Cheguei, em certa ocasião, a achar que o júri responsável pela atribuição do Nobel de Literatura nutria grande preconceito contra escritores latino-americanos. Refletindo, porém, com mais calma e analisando a relação dos premiados ao longo dos anos, concluí que não é este o caso. Se fosse, Gabriela Mistral (chilena, em 1945), Miguel Angel Asturias (guatemalteco, em 1967), Pablo Neruda (chileno, em 1971), Gabriel Garcia Marquez (colombiano, em 1982), Octávio Paz (mexicano, em 1990) e Mário Vargas Llosa (peruano, em 2010), jamais seriam ganhadores do Nobel de Literatura.

Então como explicar (já nem mesmo puxando a brasa para a sardinha dos escritores brasileiros) o fato do argentino Jorge Francisco Isidoro Luís Borges Acevedo nunca ter sido sequer candidato com chances de conquista do prêmio? Não posso crer que os responsáveis pela atribuição dessa honraria desconhecessem a obra desse criativíssimo homem de letras. Mais inconcebível, ainda, é que não gostassem do que escreveu. Ou, pior, que não considerassem de qualidade superior os seus vários livros!

É certo que Borges chegou a criticar esse tipo de premiação e a insinuar que ela não lhe fazia nenhuma falta. Será que pensava, mesmo, isso? Não creio. Afirmo isso com base na entrevista que ele deu em 24 de agosto de 1984, por ocasião do seu 85º aniversário. Na ocasião, expressou, com todas as letras, “profundo desejo de conquistar um Prêmio Nobel de Literatura”. É verdade que, como era de seu feitio, deu outra declaração, na sequência, que me pareceu incoerente, por contradizer a primeira. Afirmou que gostaria de ser esquecido após sua morte. Mas como?! Se desejava que ninguém mais se lembrasse dele, então para quê desejava ganhar o Nobel? Mas ele era, mesmo, assim, o que no meu entender o tornava ainda mais fascinante, como se fosse necessário qualquer artifício para ser tão admirado e amado pelos seus admiradores (entre os quais, claro, sempre me incluí) como sempre foi e é.

Na entrevista citada, ainda tentou justificar o fato de não ter sido lembrado, dizendo: “A academia sueca, antigamente, premiava escritores que eram mundialmente conhecidos. Agora mudou de modus operandi: dedica-se a descobrir valores. Não os reprovo. Também eu gostaria de ser descoberto”. Todavia... não o foi.  

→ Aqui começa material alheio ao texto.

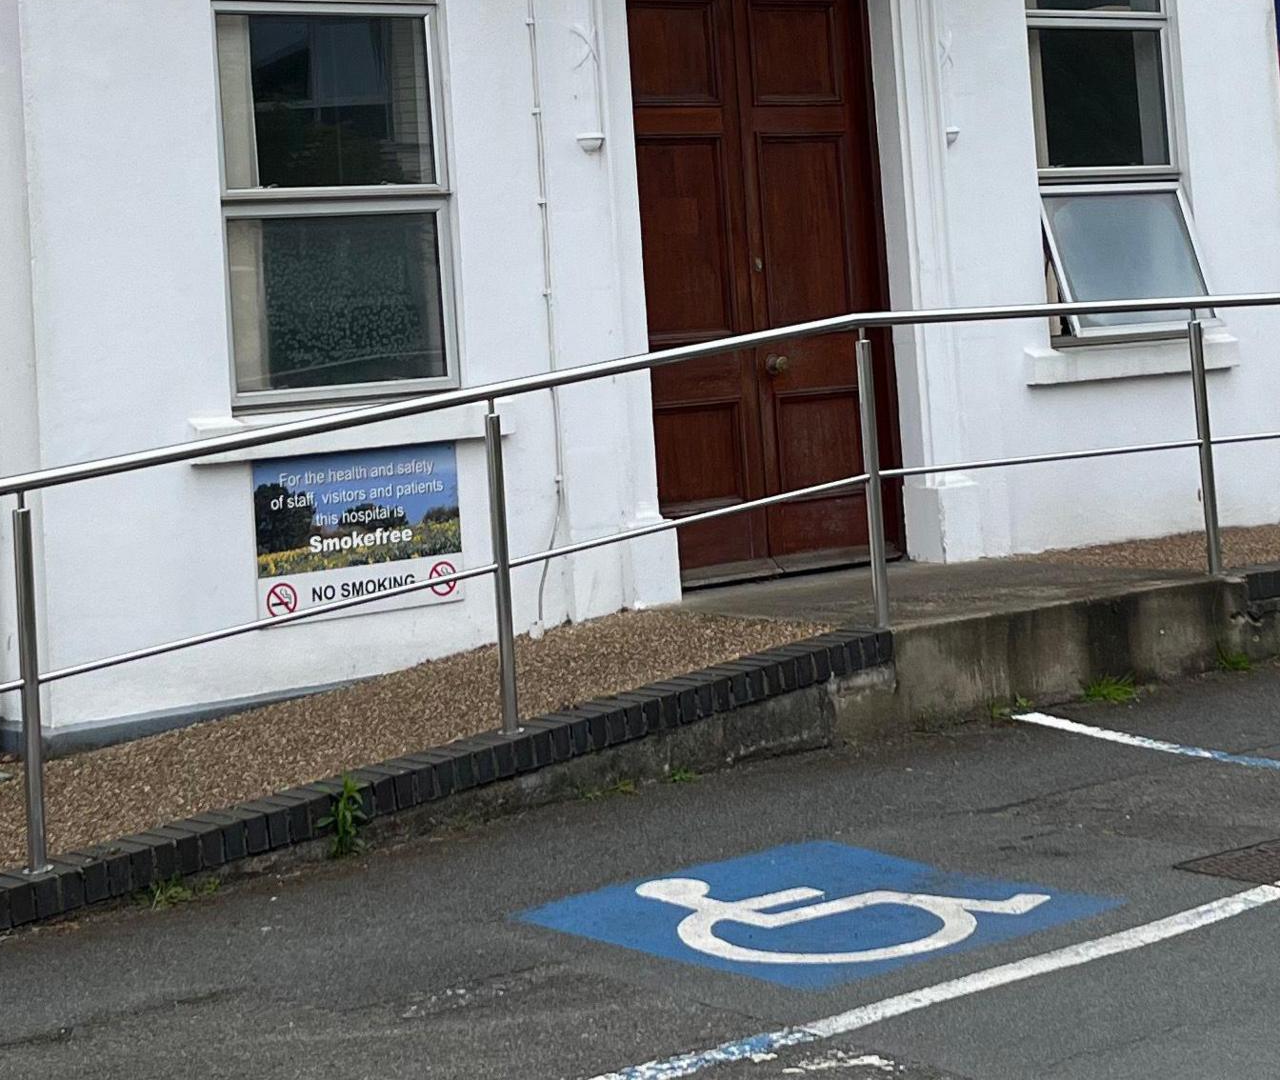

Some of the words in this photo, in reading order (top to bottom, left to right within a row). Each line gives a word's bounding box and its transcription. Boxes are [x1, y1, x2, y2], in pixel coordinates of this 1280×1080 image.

A propósito de Borges, abro um parêntese para comentar uma de suas tantas e polêmicas declarações. Foi a que chamou em especial a atenção do escritor (e amigo) Edir Araujo, que me questiona, por e-mail, a respeito. Certa feita, o genial argentino afirmou: “Que outros se gabem dos livros que escreveram; eu me orgulho dos que li.” O autor de “A passagem dos cometas” pergunta se também penso dessa maneira. Respondo: sim! O que já escrevi – e olhem que não foi pouco – para mim não tem a menor relevância diante da infinidade de excelentes obras que li e que contribuíram decisivamente para a minha formação, não apenas como praticante de Literatura, mas, sobretudo, como ser humano.

Fico imaginando a tremenda ironia que foi o fato de um homem tão apegado a livros, que tinha tamanha paixão pela leitura, como Borges, ter sido acometido pela cegueira nos derradeiros anos de vida. A esse propósito, ele disse, na citada entrevista que deu no dia do 85º aniversário: “Atualmente só consigo distinguir o amarelo e, do meu gato branco, o Bepo, aprendi a sentir sua proximidade”;

Uma das declarações mais polêmicas que fez, na oportunidade, foi quando disse que desconfiava que, se existia um Paraíso, este era uma biblioteca. Sustentou que “o homem embala entre seus parietais uma maravilha que lhe é dado chamar de Deus”. Um Deus que o protagonista de um dos seus contos busca na mítica biblioteca da Babilônia, com a certeza de que só poderá achá-lo em um capítulo, um parágrafo, uma das palavras escritas em um dos milhões de livros ali concentrados. E que sua cegueira (a dele, Borges, e não do personagem) o impedia de ler.

Prisioneiro dos espectros que alimentou ao longo da vida e da obra, o genial escritor – há vários anos, e com menos idade, mas com o mesmo senso crítico e a mesma ironia que o caracterizaram – reconheceu, num verso de um breve e comovedor poema: “Cometi um dos maiores pecados que um homem pode cometer: o de não ter sido feliz”. Quantos de nós não cometemos, inconsciente ou deliberadamente, esse mesmo equívoco?!